#### What to work on:
Print the data that follows, exactly and completely.

**** Supplied records ****

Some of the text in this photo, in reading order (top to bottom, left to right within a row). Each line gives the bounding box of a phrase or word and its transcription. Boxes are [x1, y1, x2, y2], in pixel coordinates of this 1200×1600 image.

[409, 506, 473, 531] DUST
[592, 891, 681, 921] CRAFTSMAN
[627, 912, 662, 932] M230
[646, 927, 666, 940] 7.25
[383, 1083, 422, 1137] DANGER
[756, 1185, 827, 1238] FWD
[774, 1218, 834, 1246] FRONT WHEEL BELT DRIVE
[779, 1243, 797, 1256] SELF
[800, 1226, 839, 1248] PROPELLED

****

#### Solution for this exercise:
Some of the text in this photo, in reading order (top to bottom, left to right within a row). Each line gives the bounding box of a phrase or word and its transcription. Boxes are [x1, y1, x2, y2], in pixel coordinates of this 1200×1600 image.

[409, 506, 473, 531] DUST
[592, 891, 681, 921] CRAFTSMAN
[627, 912, 662, 932] M230
[646, 927, 666, 940] 7.25
[383, 1083, 422, 1137] DANGER
[756, 1185, 827, 1238] FWD
[774, 1218, 834, 1246] FRONT WHEEL BELT DRIVE
[779, 1243, 797, 1256] SELF
[800, 1226, 839, 1248] PROPELLED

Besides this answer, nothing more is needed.